Elle ajoute que « le salarié n’était pas tenu, peu important la clause de son contrat de travail l’obligeant à faire connaître tout changement intervenu dans sa situation familiale, d’informer son employeur de sa situation matrimoniale ».
Elle précise en outre que l’existence d’un différend judiciaire entre l’épouse de l’intéressé, ancienne salariée de l’entreprise, et l’employeur, ne suffisait pas à caractériser l’existence d’un conflit d’intérêts, tel que défini par la charte applicable dans l’entreprise.
On retiendra donc que le respect de la vie privée du salarié s’impose à l’employeur, celui-ci n’étant par conséquent pas fondé à exiger d’être informé des changements intervenant dans sa vie familiale et matrimoniale.
La clause du contrat de travail qui mettait cette obligation à la charge du salarié est donc nulle.
Le salarié est également libre de choisir son lieu de résidence, sans céder aux exigences de son employeur
On rappellera que c’est également sur le fondement du droit au respect de la vie privée que la Cour de cassation considère que l’employeur ne peut imposer au salarié le choix de son domicile.
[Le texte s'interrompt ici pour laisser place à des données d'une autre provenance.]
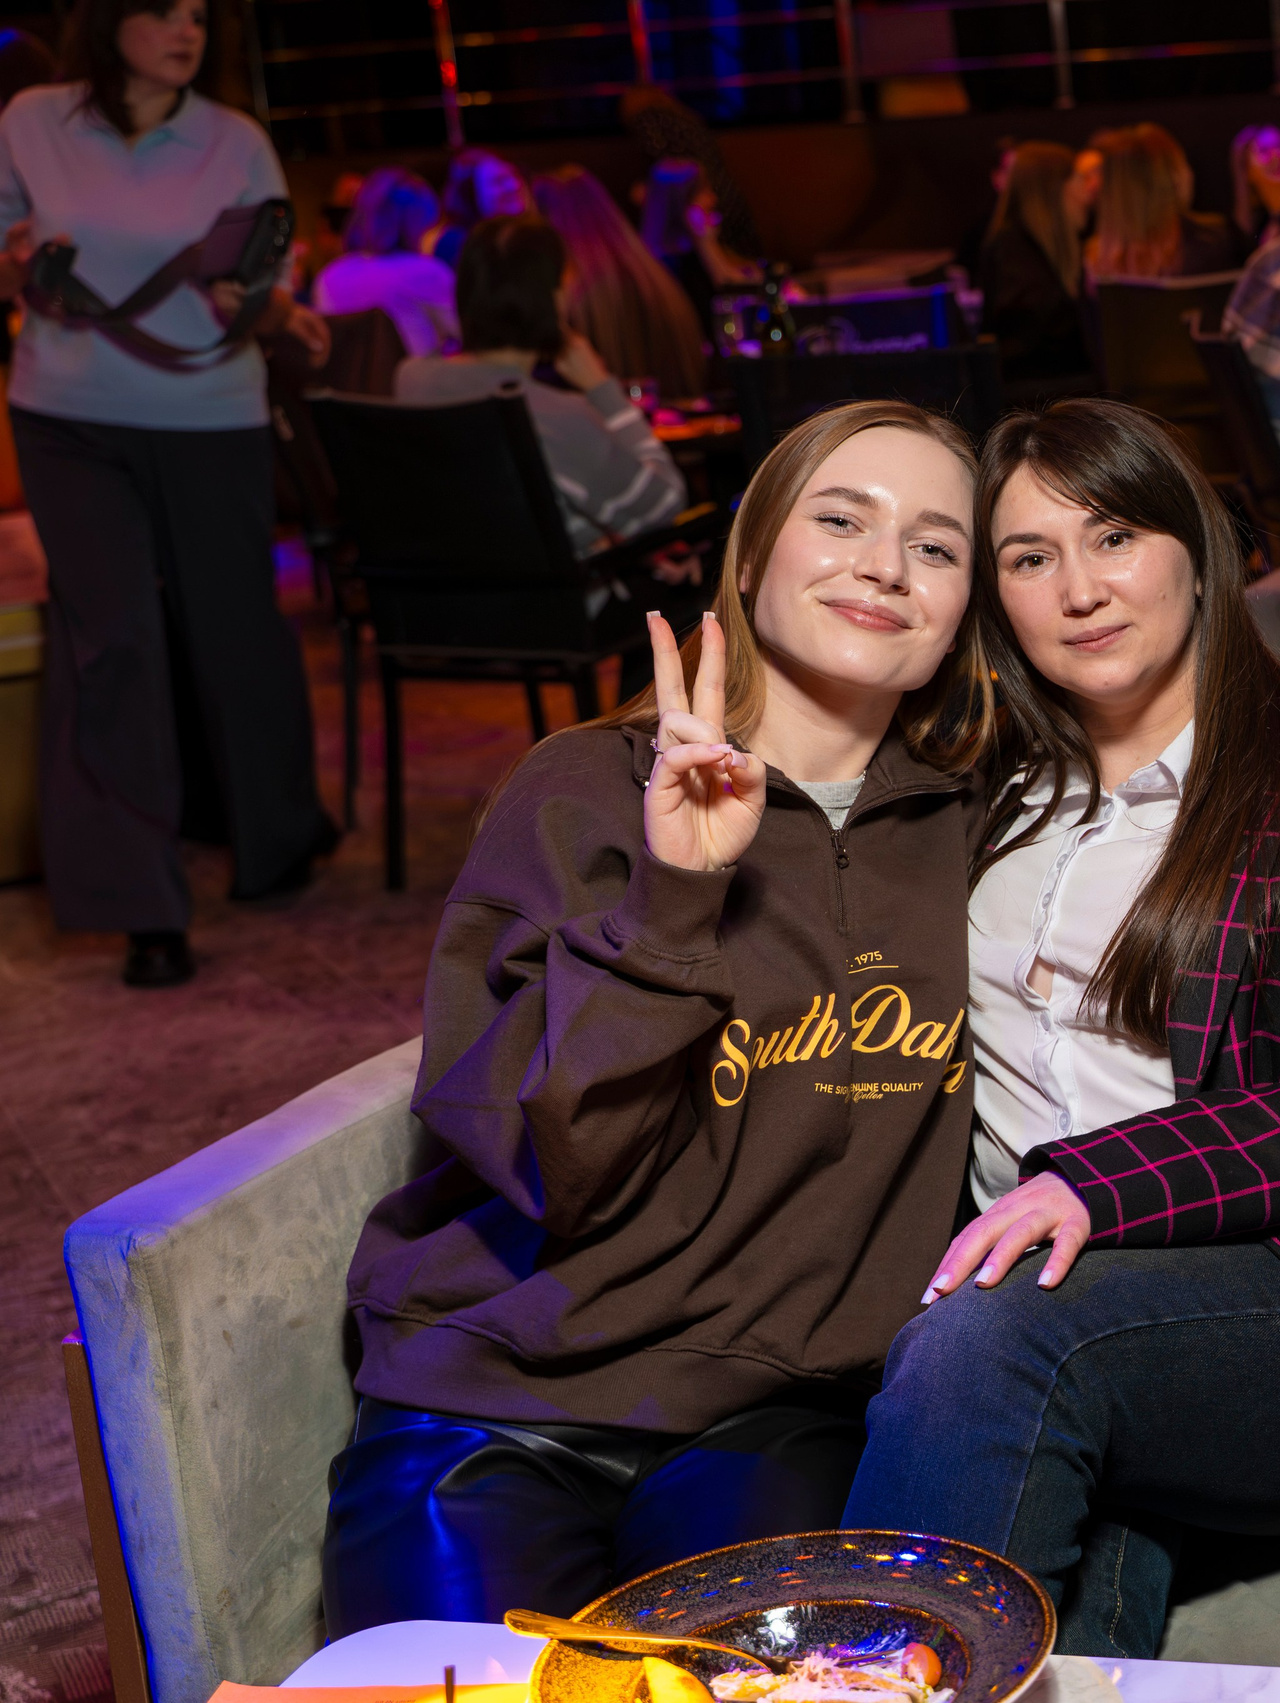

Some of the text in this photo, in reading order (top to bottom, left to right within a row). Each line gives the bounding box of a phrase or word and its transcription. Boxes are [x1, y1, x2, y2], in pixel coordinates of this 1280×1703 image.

[854, 950, 883, 966] 1975
[814, 1082, 834, 1094] THE
[881, 1082, 924, 1093] QUALITY
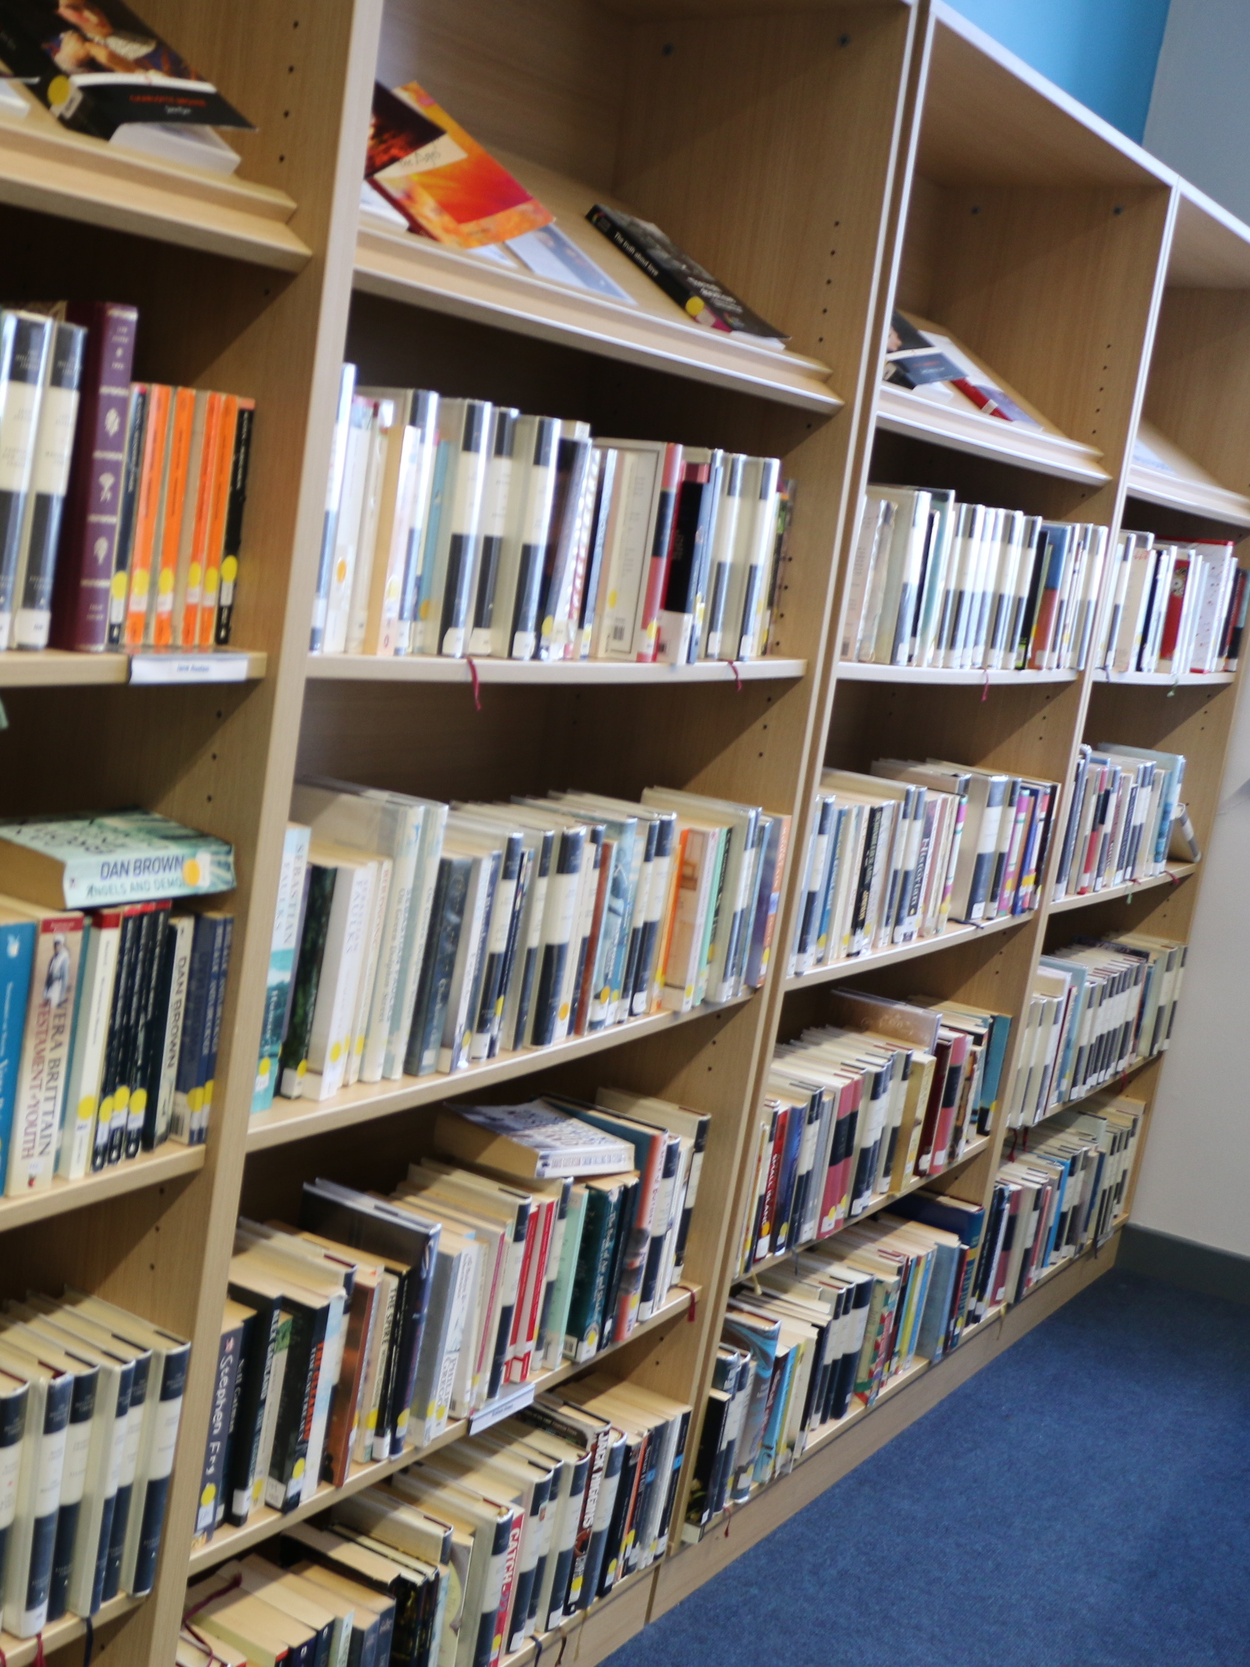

Elle juge ainsi que « toute personne dispose de la liberté de choisir son domicile et que nul ne peut apporter aux droits des personnes et aux libertés individuelles et collectives des restrictions qui ne seraient pas justifiées par la nature de la tâche à accomplir et proportionnées au but recherché ».
Dans une ancienne affaire assez originale, un salarié qui détenait à son domicile une importante collection de bijoux pour l’exercice de ses fonctions avait été licencié pour faute grave, en raison de son refus d’accepter le déménagement que lui imposait son employeur.
Il avait été victime de trois agressions chez lui et avait déjà déménagé une fois, il considérait donc que c’était assez.
Toutefois, son (nouveau) déménagement était une condition imposée à l’employeur par son assureur.
Cet assureur, considérant manifestement qu’il avait suffisamment déboursé, refusait en effet de garantir tout sinistre survenant dans les départements du Rhône, de la Drôme, des Bouches du Rhône, du Var et des Alpes Maritimes, sauf si l’intéressé n’était plus domicilié dans l’un d’entre eux.
Le salarié, qui semblait goûter la douceur du Sud, s’opposait à ce déménagement et avait été licencié pour faute grave par son employeur.
La Cour régulatrice retient que l’atteinte au libre choix par le salarié de son domicile, n’était pas justifiée par la nature du travail à accomplir et proportionnée au but recherché.
Le licenciement du salarié était donc dépourvu de cause réelle et sérieuse (Cass. Soc. 23 sept. 2009 n° 08-40434).